How to handle red ear slider turtle? During the early stages whilst making a decision of whether or not raising a red ear slider is for you, a responsible hobbyist will want to arm himself with vitally important details on how to handle this turtle sort safely. How to handle red ear slider turtle? It is a well – known fact that particular kinds of reptiles, as well as certain amphibians, have a tendency to be Salmonella carriers, these are bacteria which causes infections in humans. The red eared slider is one of those reptiles which transport and transmit the dreaded disease. In this article, you’ll learn how to handle red ear slider turtle?
How to Handle Red Ear Slider Turtle: Salmonella
Little children, toddlers, babies and young tots are never to be left alone with a red eared slider because toddlers have a penchant for exploring with their mouths. Anyone who handles a red eared slider is to wash their hands and wash them well after handling the animal. This goes for adults and most especially little children. An ounce of prevention is better than a pound of cure – not washing after handling a red eared slider could cause the handler to get sick.
Avoid handling your new red eared slider turtle for at least a week after getting it. Allow it to get used to its new surroundings and let it inspect everything you have painstakingly done to make its new home a warm and welcoming one. Give each other time to get used to one another – your turtle will get used to you being in its presence when you feed it and gawk at it from the other side of its tank.
Grasping Your Turtle
Once used to your presence, it will equate your being there with feeding time and will start to acknowledge you as it bob its head in seeming approval. It may even swim excitedly to and fro as you come closer to its tank. When you and your turtle have had enough time to get to know each other from behind its enclosure, you might now want to say hi on a more personal level. When you do decide to pick up your turtle, do so gently so as not to give it a fright.
Stress – Free Handling
To do this, grasp your turtle like a burger making sure to securely but gently hold on the sides of its shell from the center of its body. Make certain that you have a firm but gentle grip on your new buddy because you don’t want turtle slippage to happen if it suddenly moves its wet and slippery body.
Excessive struggling and a display of stress are signs your turtle isn’t quite ready to be handled yet. Limit this period to shorter meetings and build up the length of bonding time as the turtle learns to get used to these periodic social visits.
Development of Red Ear Slider Turtles
Nature in all its wondrous marvel has a way of giving us humans cues and signs for situations, instances, and events of which a potential caregiver should be aware. Learn more about the growth and development of the red eared slider turtle and empower yourself with useful knowledge to successfully care for one.
A pivotal phase of embryogenesis conforming to the incubation temperature determines the gender of the turtle. Most reptiles are temperature-dependent and lack sex chromosomes which dictate gender.
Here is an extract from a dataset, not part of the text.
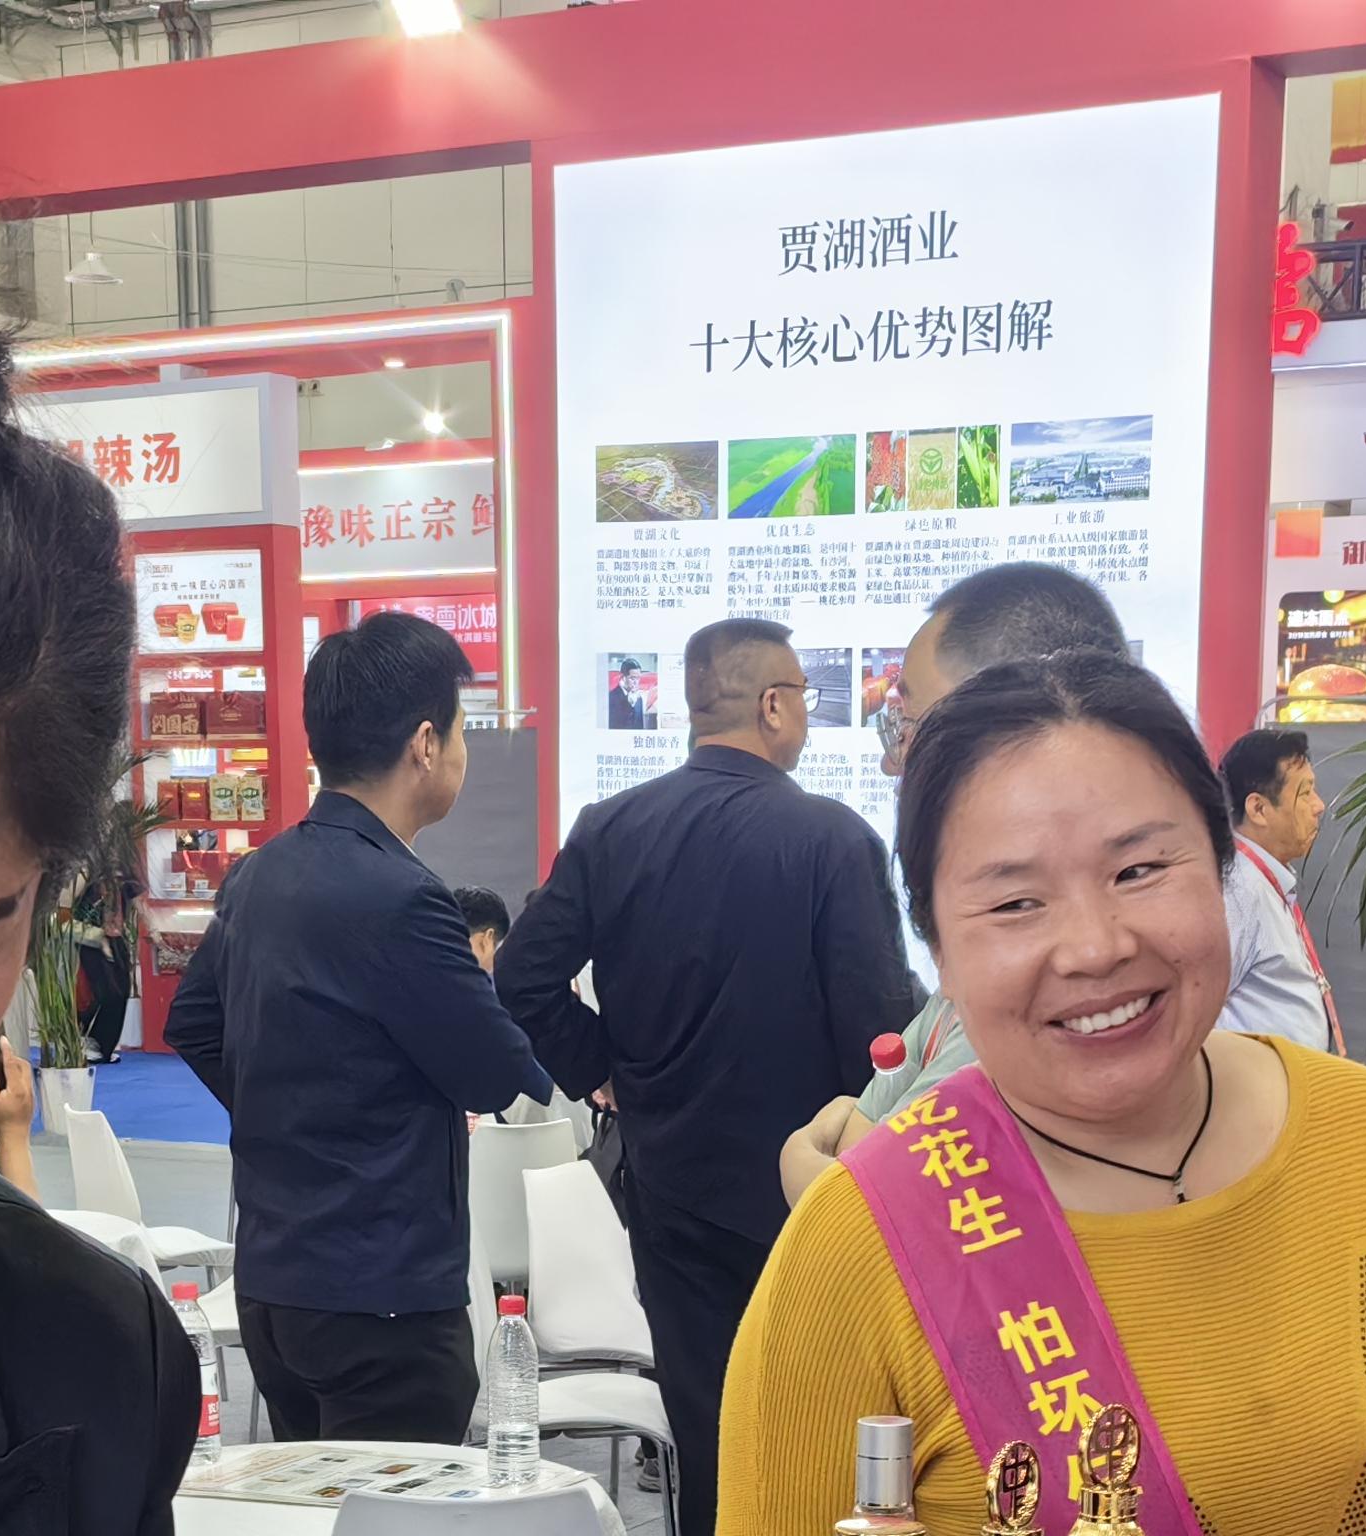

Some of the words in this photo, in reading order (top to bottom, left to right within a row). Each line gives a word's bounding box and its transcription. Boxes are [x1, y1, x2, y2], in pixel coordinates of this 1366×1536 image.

[778, 210, 959, 276] 贾湖酒业
[689, 299, 1053, 374] 十大核心优势图解
When incubated at temperatures ranging between 22 and 27 degrees Celsius, pond slider eggs will become only males. Incubated at a much warmer temperatures, eggs in this condition will only come out female.
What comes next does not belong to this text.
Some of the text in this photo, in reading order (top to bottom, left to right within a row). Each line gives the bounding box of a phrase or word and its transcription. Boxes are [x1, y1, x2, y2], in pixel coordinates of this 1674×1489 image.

When baby sliders are ready to meet the world, they hatch out of and emerge from the egg looking much like tiny adult red eared sliders.
Whether in its natural surroundings and environment or housed in a tank or a makeshift pond, red-eared slider turtles have been observed to actually enjoy the company of others like it. They are often seen in groups basking together, one on top of another either on fallen trees and broken logs usually near a small body of water.
They are social creatures and like to hang around with their own kind whenever possible. These turtles may not be big in talking, given that they have not been heard to make any particular or distinguishing sound, but they do in fact communicate with each other through touch and vibrations.
Basking in groups is not only an opportunity to socialize this activity also offers the security of safety in numbers, as well as much needed sun exposure which helps stave off the occurrence of parasites on their shells.
They are watchful of predators who may want to make them the main course of the day – specially steering clear of otters, mink, foxes, raccoons as well as most medium-sized beasts which prey on them and their eggs – by taking refuge in nearby water. They are also able to quickly retract their heads and legs and hide inside their hard shell should it get the whiff of danger. Consider the genders of the turtles you are thinking of housing together. A male RES is very territorial and may fight and bully other smaller turtles for basking space.